No conjunto da Regula monachorum, a necessidade (necessitas) encontra-se, por sua vez, em estreita relação com o trabalho (labor). O labor manuum é proporcionalmente maior e mais extenuante quanto mais se fizer sentir, também, a necessitas. Esta, que poderia parecer uma conclusão automática, apresenta uma complexidade ulterior, uma vez que se verifica um descompasso entre a lectio divina - a oração - e o labor manuum - o trabalho. De acordo com a Regra, a lectio prescrita apresenta - ou ao menos, deveria apresentar - somente pequenas variações, em função de expedientes restritos - que dizem respeito a questões de forma e de organização temporal. Por sua vez, o labor manuum comporta variações qualitativas - o pequeno trecho do capítulo XLVIII nos permite verificar a possibilidade do emprego dos monges em trabalhos manuais conforme o grau de paupertas (pobreza ou riqueza).

Naturalmente, a maior ou menor precariedade material do lugar apresentava, portanto, implicações para o maior emprego de monges na ceifa ou nos scriptoria. A própria realidade dos scriptoria - e o volume e importância de sua produção - pode ser relacionada à renda total do mosteiro. Essa pode ser deduzida dos recursos obtidos de seus patronos, da produção que se realiza em seu dominium e do conjunto de doações e outros expedientes ligados à existência social do mosteiro. Em regiões particularmente mais abastadas, era comum encontrarem-se mosteiros mais permeáveis à afluência de indivíduos também abastados e educados segundo o currículo aristocrático. Uma tal configuração predispunha a uma maior presença de trabalhadores destinados ao trabalho da terra, o que liberaria os monges de grande parte do trabalho manual. Esse labor manuum, por sua vez, era preferencialmente identificado à atividade junto à terra: aspecto que viria a ser, também entre os franciscanos, um pressuposto da simplicidade - fundamento da humildade. Conforme a Regra Beneditina, “porque então são verdadeiros monges, se vivem do trabalho de suas mãos, assim como [fizeram] nossos Padres e os Apóstolos. ” (c. XLVIII, fl. 33-34).

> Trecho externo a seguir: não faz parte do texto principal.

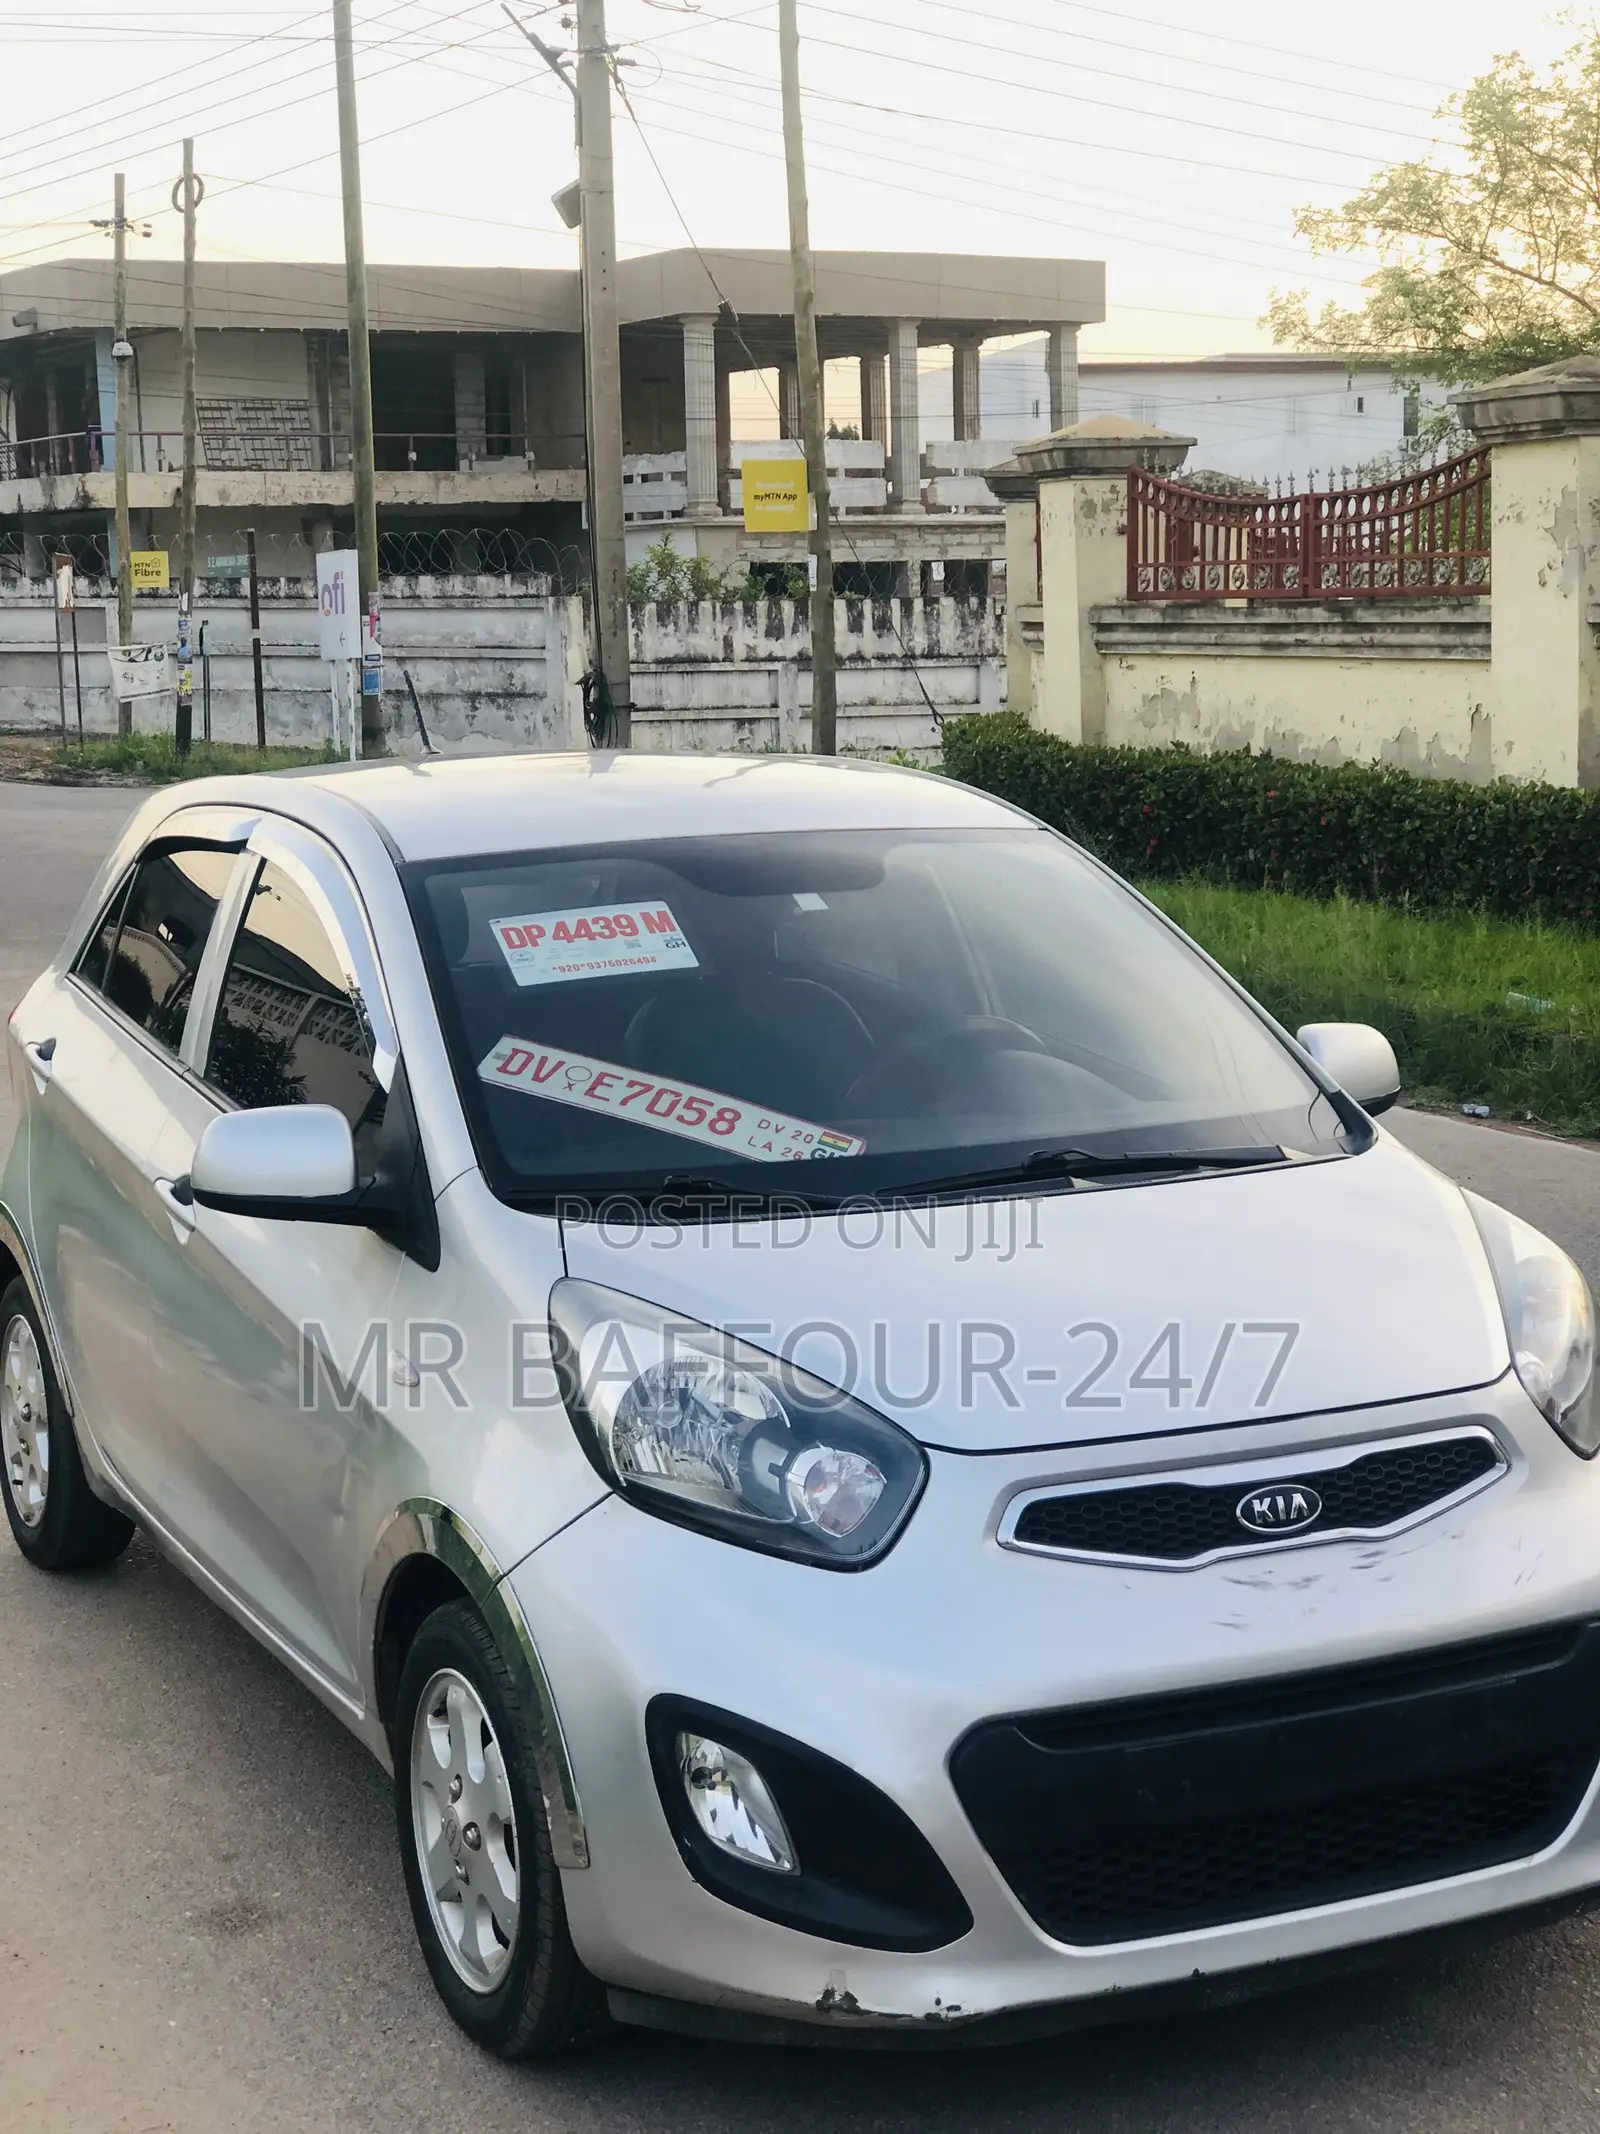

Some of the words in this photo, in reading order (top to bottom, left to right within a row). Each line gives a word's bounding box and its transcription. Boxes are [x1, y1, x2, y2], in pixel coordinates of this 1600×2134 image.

[753, 492, 782, 502] myMTN
[782, 493, 798, 502] App
[134, 568, 161, 577] Fibre
[500, 923, 546, 950] DP
[552, 913, 640, 944] 4439
[639, 910, 678, 935] M
[665, 940, 687, 949] GH
[496, 1047, 566, 1083] DV
[584, 1071, 742, 1136] E7058
[757, 1118, 786, 1134] DV
[791, 1129, 814, 1144] 20
[747, 1136, 773, 1152] LA
[781, 1147, 804, 1160] 26
[1251, 1492, 1311, 1525] KIA
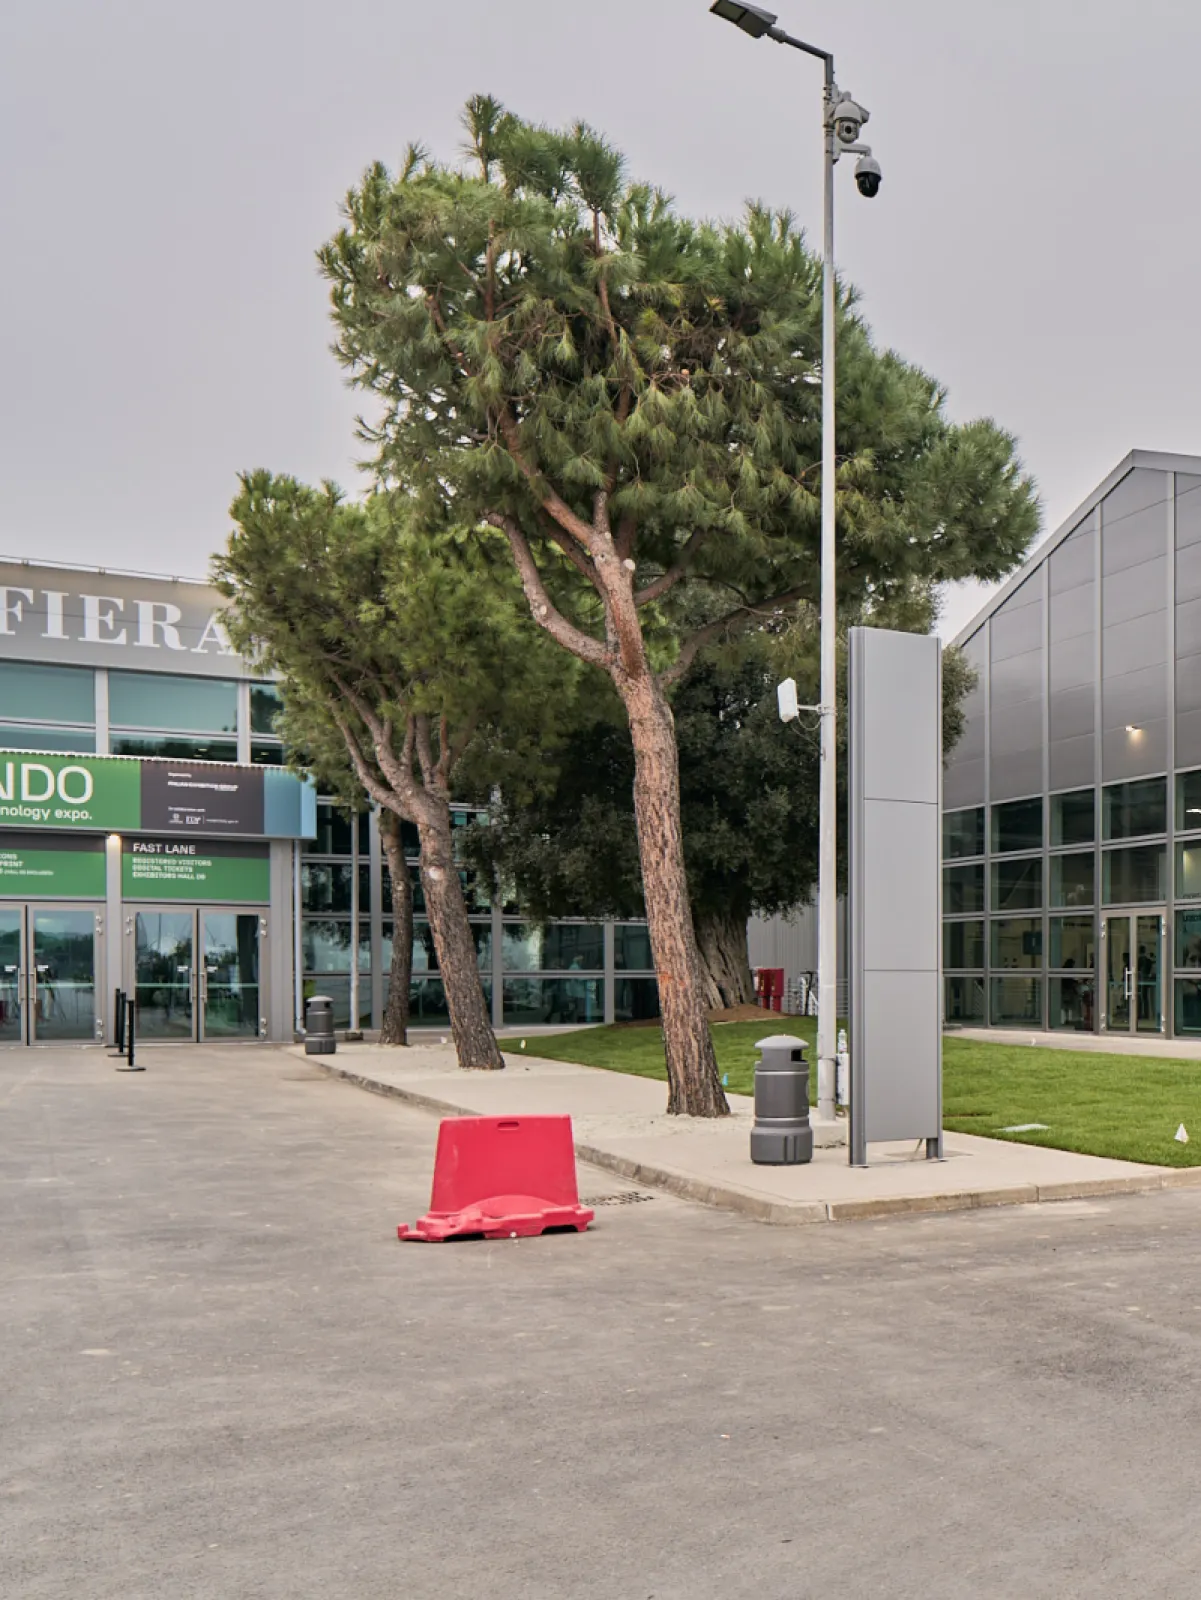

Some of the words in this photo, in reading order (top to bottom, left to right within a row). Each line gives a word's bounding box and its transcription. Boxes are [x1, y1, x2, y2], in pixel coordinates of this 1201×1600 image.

[0, 586, 242, 657] FIERA
[54, 808, 93, 822] expo.
[132, 842, 162, 854] FAST
[164, 844, 197, 855] LANE

Nos círculos educacionais aristocráticos, o trânsito de laicos e clérigos prescindia de categorias sociais, de forma que havia uma unidade disciplinar e de conteúdos que precedia a própria designação do educando, seja para o alto clero, seja para funções públicas seculares. As escolas monásticas se tornariam, ao longo da Alta Idade Média, um locus privilegiado para a formação aristocrática, de tal forma que os mosteiros jamais cumpririam um papel inteiramente monástico. O ideal do isolamento subjacente ao monos nos primeiros séculos do cristianismo - manifestação original da experiência religiosa nas terras ermas do Oriente Próximo - permaneceria um aspecto da vida de um grupo de monges, mas contrariava, para todos os efeitos, a perspectiva política que desde cedo predominou nos ambientes monásticos. Os titulares das terras que abrigavam um mosteiro pertenciam, via de regra, aos mesmos círculos de seu abade e de boa parte dos monges. Por essa razão, não seria de estranhar que, paralelamente à prescrição do labor manuum, predominasse, sobretudo nas áreas mais abastadas, uma cisão no trabalho: os monges predominariam nos scriptoria, razão para a elevada produção bibliográfica no interior do mosteiro; paralelamente, o trabalho da terra se daria por intermédio da ação de trabalhadores, permanentes ou precários.

A prevalência de uma economia fundamentalmente territorial acabava por gerar esse tipo de distorção na relação entre o trabalho manual e a efetiva prática das comunidades monásticas. Em que pese a nobreza atribuída à atividade dos monges intelectuais e copistas, essa não era considerada labor, mas, antes, studium - termo que deve ser traduzido por esforço e que não tem seu emprego restrito aos círculos estudiosos ou letrados. Em razão da nomenclatura, verifica-se que, apesar de elevada, a atividade intelectual não se equiparava ao labor e não se identificava, portanto, com a prescrição fundamental da Regra. O fato de que não se realizassem esforços para a adaptação do léxico do trabalho às atividades efetivamente desenvolvidas pelos monges é um indício de uma espécie de continuidade de uma “moral da distância social” característica dos ambientes senatoriais romanos - tanto quanto a organização econômica e social que presidira o surgimento das casas monásticas.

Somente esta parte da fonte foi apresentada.